- **Data to process**
--- START ---

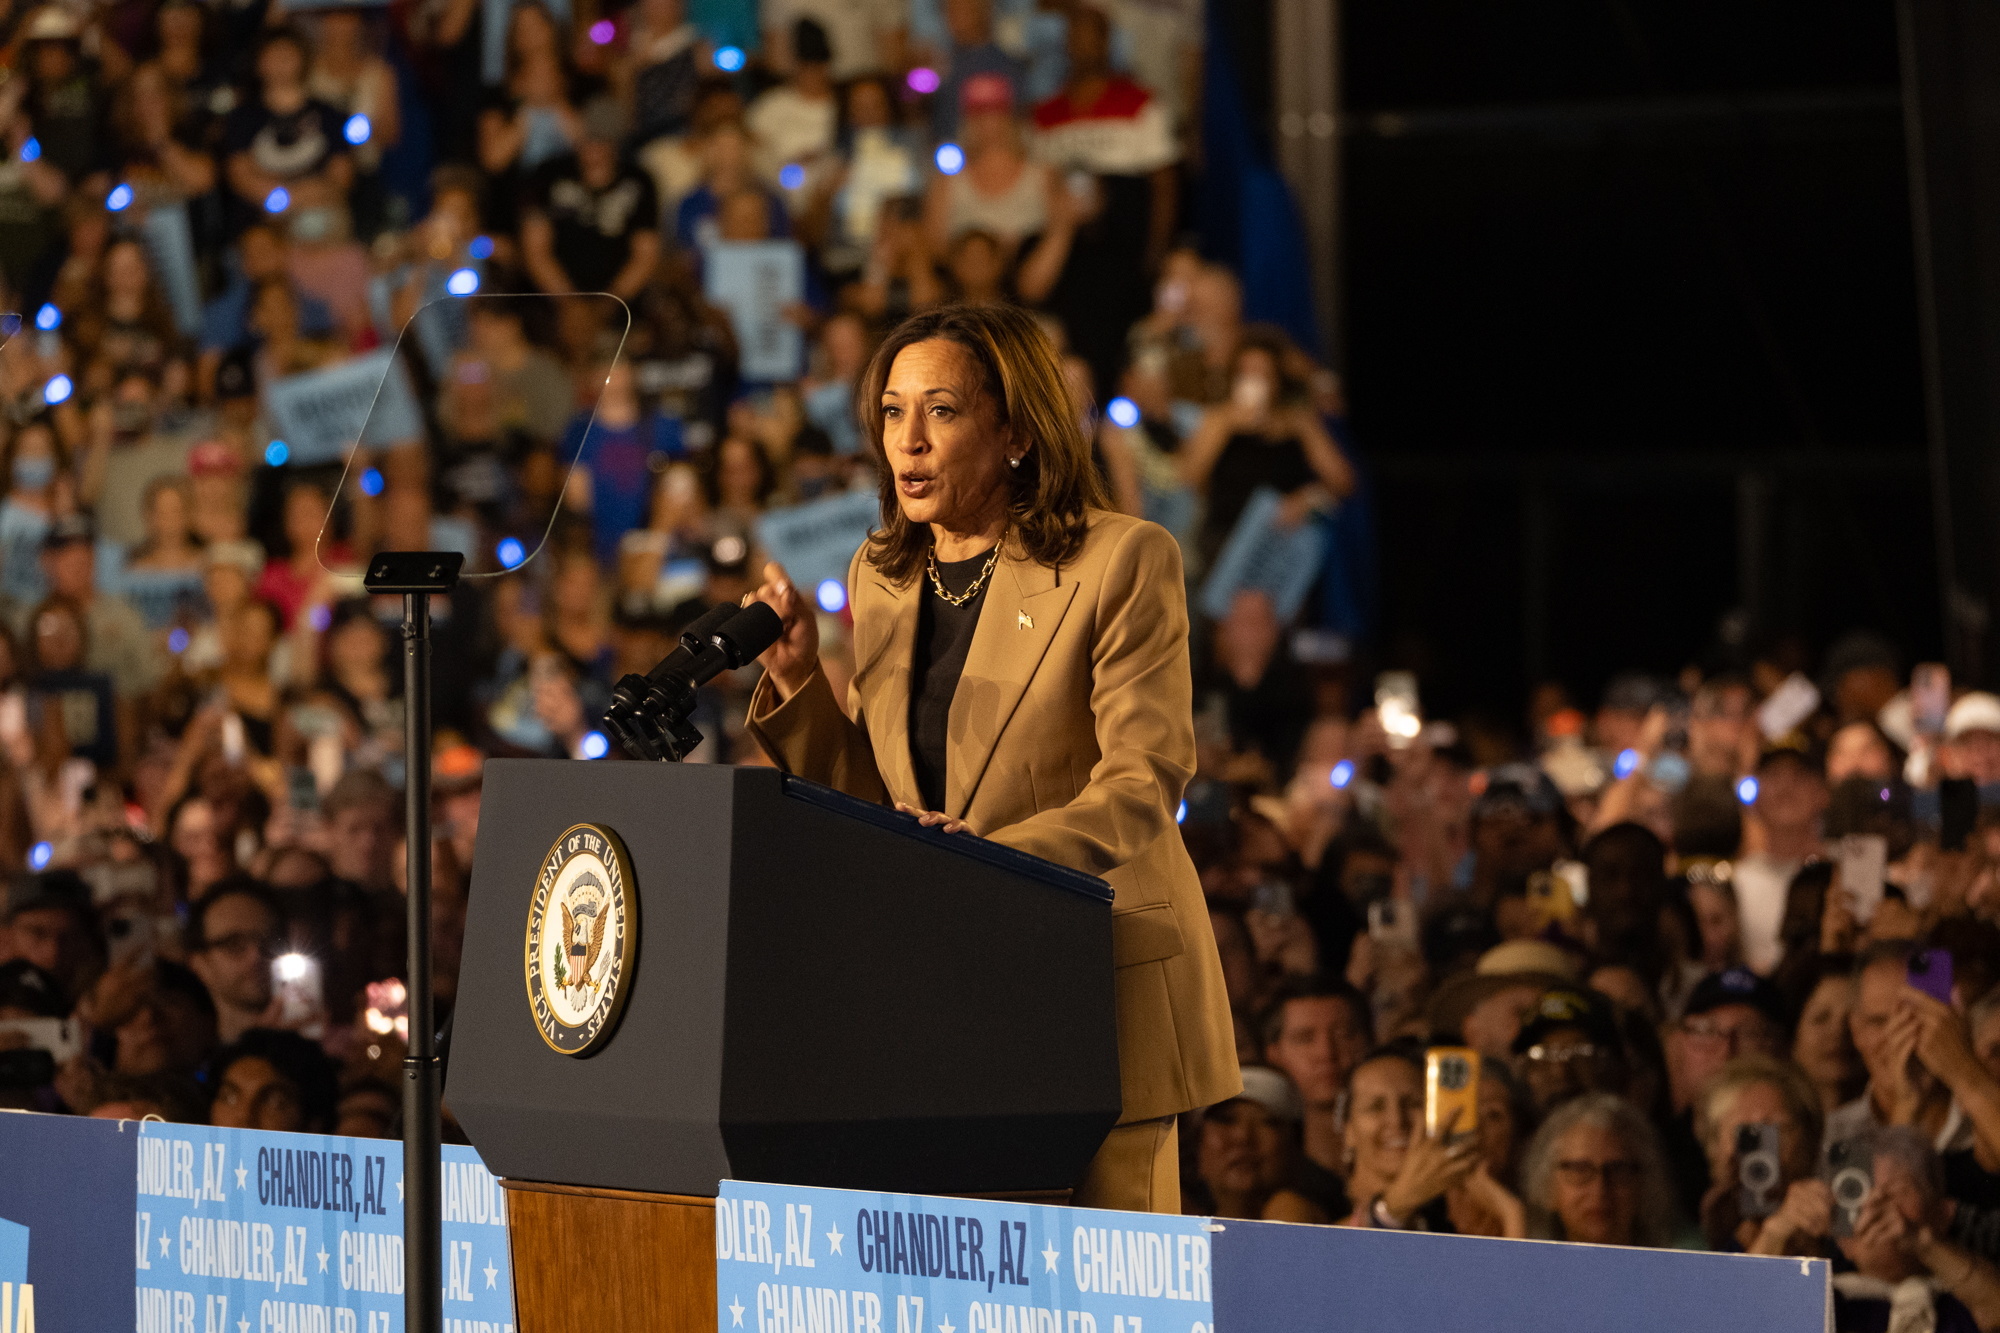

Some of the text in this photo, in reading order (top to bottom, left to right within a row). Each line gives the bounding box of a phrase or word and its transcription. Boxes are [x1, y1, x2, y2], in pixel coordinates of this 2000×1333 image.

[529, 834, 625, 1041] VICE PRESIDENT OF THE UNITED STATES
[203, 1143, 225, 1202] AZ
[258, 1146, 361, 1223] CHANDLER,
[364, 1155, 387, 1215] AZ
[180, 1216, 282, 1293] CHANDLER,
[284, 1226, 308, 1286] AZ
[716, 1197, 1211, 1302] DLER, AZ CHANDLER, AZ CHANDLER

--- END ---

- **Activity**
Would you retype each line above exactly and skip every image?

- **Response to the task**
Some of the text in this photo, in reading order (top to bottom, left to right within a row). Each line gives the bounding box of a phrase or word and its transcription. Boxes are [x1, y1, x2, y2], in pixel coordinates of this 2000×1333 image.

[529, 834, 625, 1041] VICE PRESIDENT OF THE UNITED STATES
[203, 1143, 225, 1202] AZ
[258, 1146, 361, 1223] CHANDLER,
[364, 1155, 387, 1215] AZ
[180, 1216, 282, 1293] CHANDLER,
[284, 1226, 308, 1286] AZ
[716, 1197, 1211, 1302] DLER, AZ CHANDLER, AZ CHANDLER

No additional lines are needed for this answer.